> _Exercise requirements_: Write out the data exactly as given, dropping every picture.
§ §
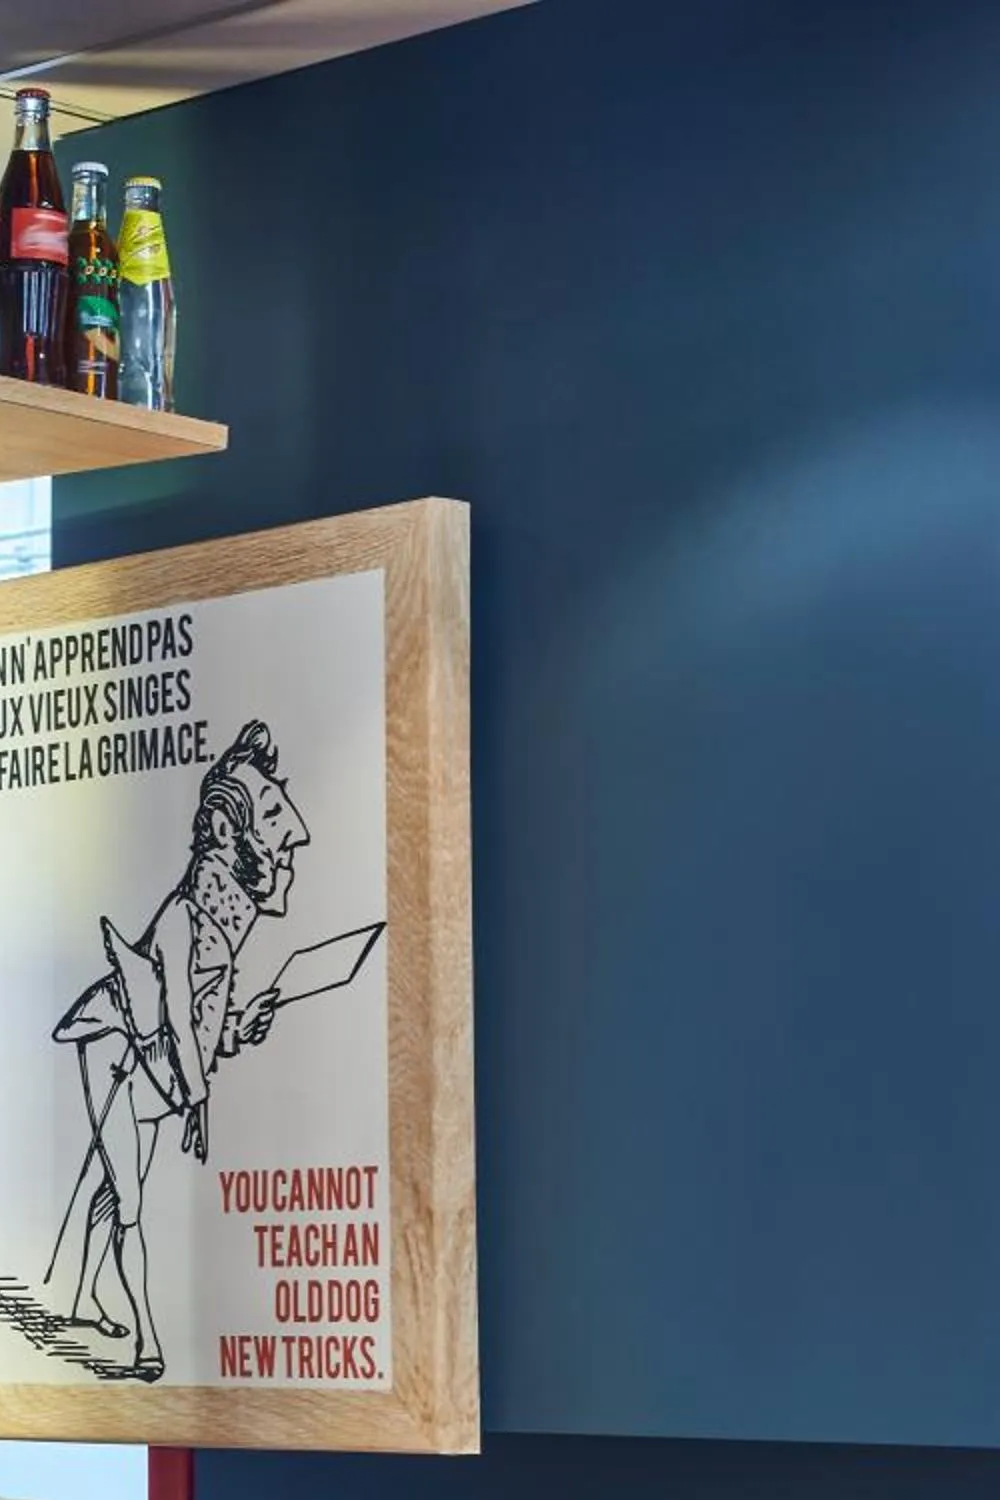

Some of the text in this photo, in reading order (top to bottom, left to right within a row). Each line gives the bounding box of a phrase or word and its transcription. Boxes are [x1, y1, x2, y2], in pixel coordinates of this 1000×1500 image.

[11, 623, 144, 685] N'APPREND
[147, 614, 193, 661] PAS
[28, 684, 99, 734] VIEUX
[103, 669, 191, 722] SINGES
[64, 738, 93, 782] LA
[98, 720, 216, 777] GRIMACE.
[219, 1166, 378, 1213] YOU CANNOT
[254, 1222, 379, 1267] TEACH AN
[275, 1279, 380, 1322] OLD DOG
[219, 1335, 384, 1380] NEW TRICKS.
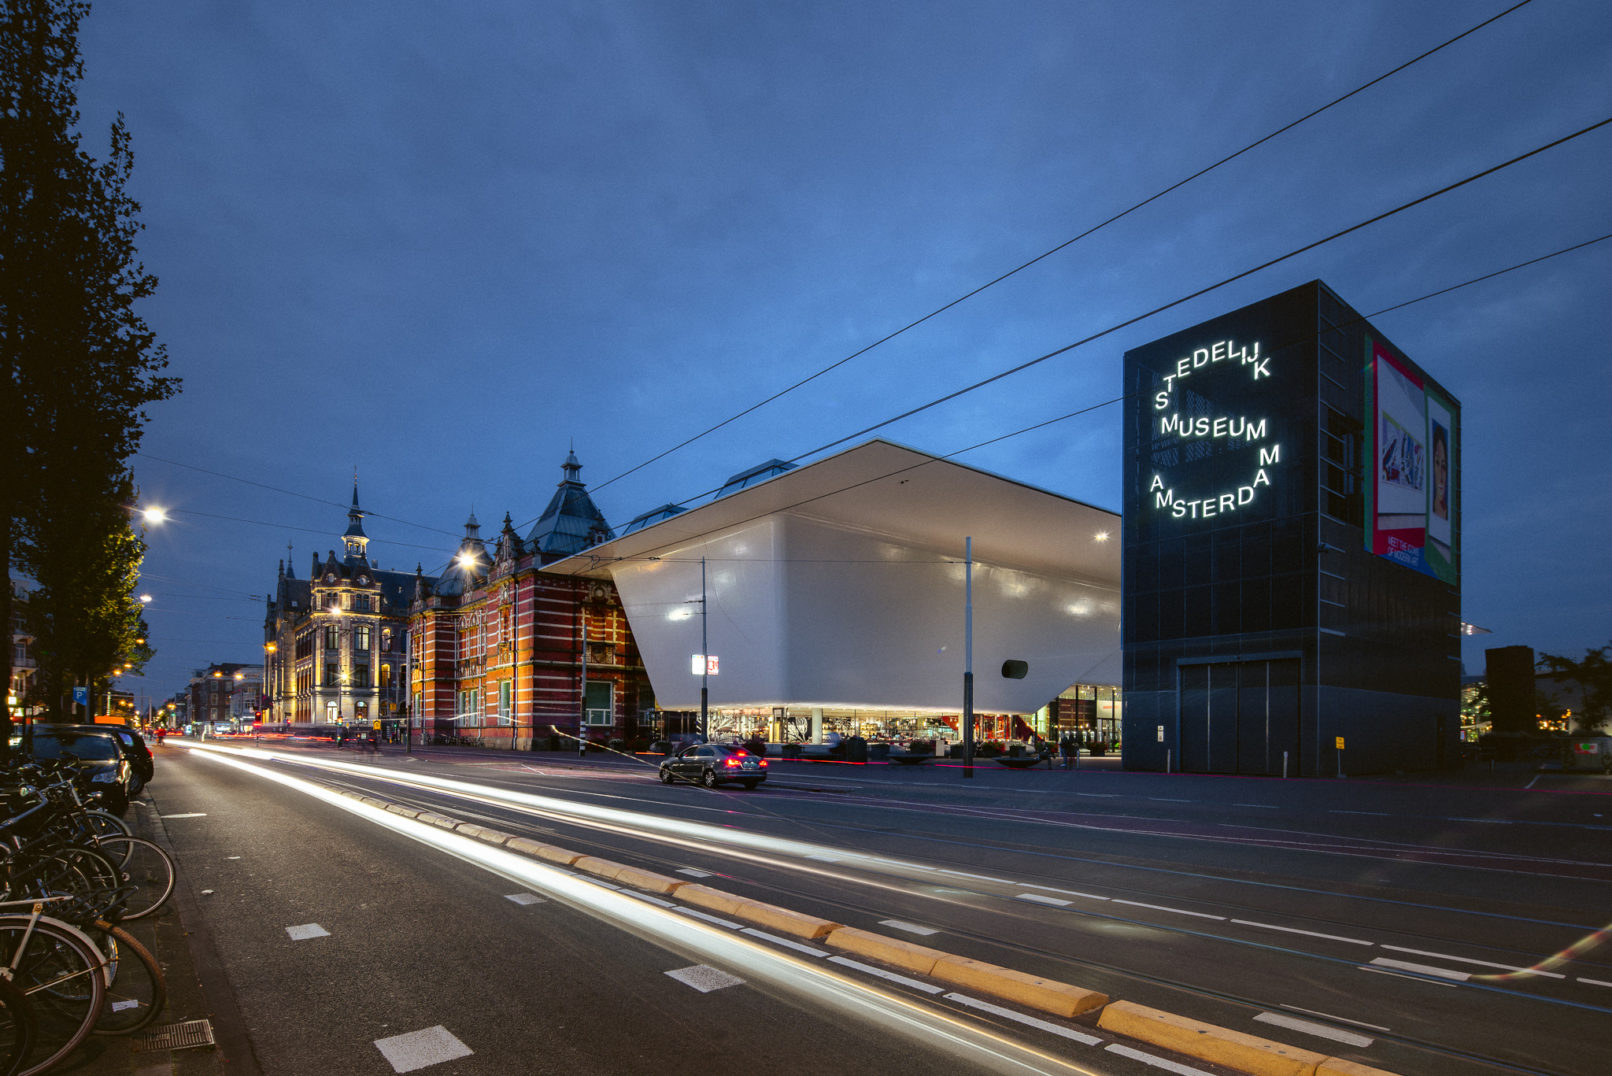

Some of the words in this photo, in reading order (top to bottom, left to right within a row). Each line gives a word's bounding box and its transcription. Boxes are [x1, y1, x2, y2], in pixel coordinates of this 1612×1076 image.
§ §
> _Response below_:
Some of the text in this photo, in reading order (top to bottom, left to right within a row). Each line gives the bounding box of a phrase or word and its transcription. Boxes are [x1, y1, x2, y2], in pixel coordinates of this 1000×1500 image.

[11, 623, 144, 685] N'APPREND
[147, 614, 193, 661] PAS
[28, 684, 99, 734] VIEUX
[103, 669, 191, 722] SINGES
[64, 738, 93, 782] LA
[98, 720, 216, 777] GRIMACE.
[219, 1166, 378, 1213] YOU CANNOT
[254, 1222, 379, 1267] TEACH AN
[275, 1279, 380, 1322] OLD DOG
[219, 1335, 384, 1380] NEW TRICKS.

Some of the words in this photo, in reading order (top to bottom, left to right within a row). Each line gives a word's bounding box and its transcription. Boxes are [x1, y1, x2, y2], in pixel coordinates of this 1612×1076 image.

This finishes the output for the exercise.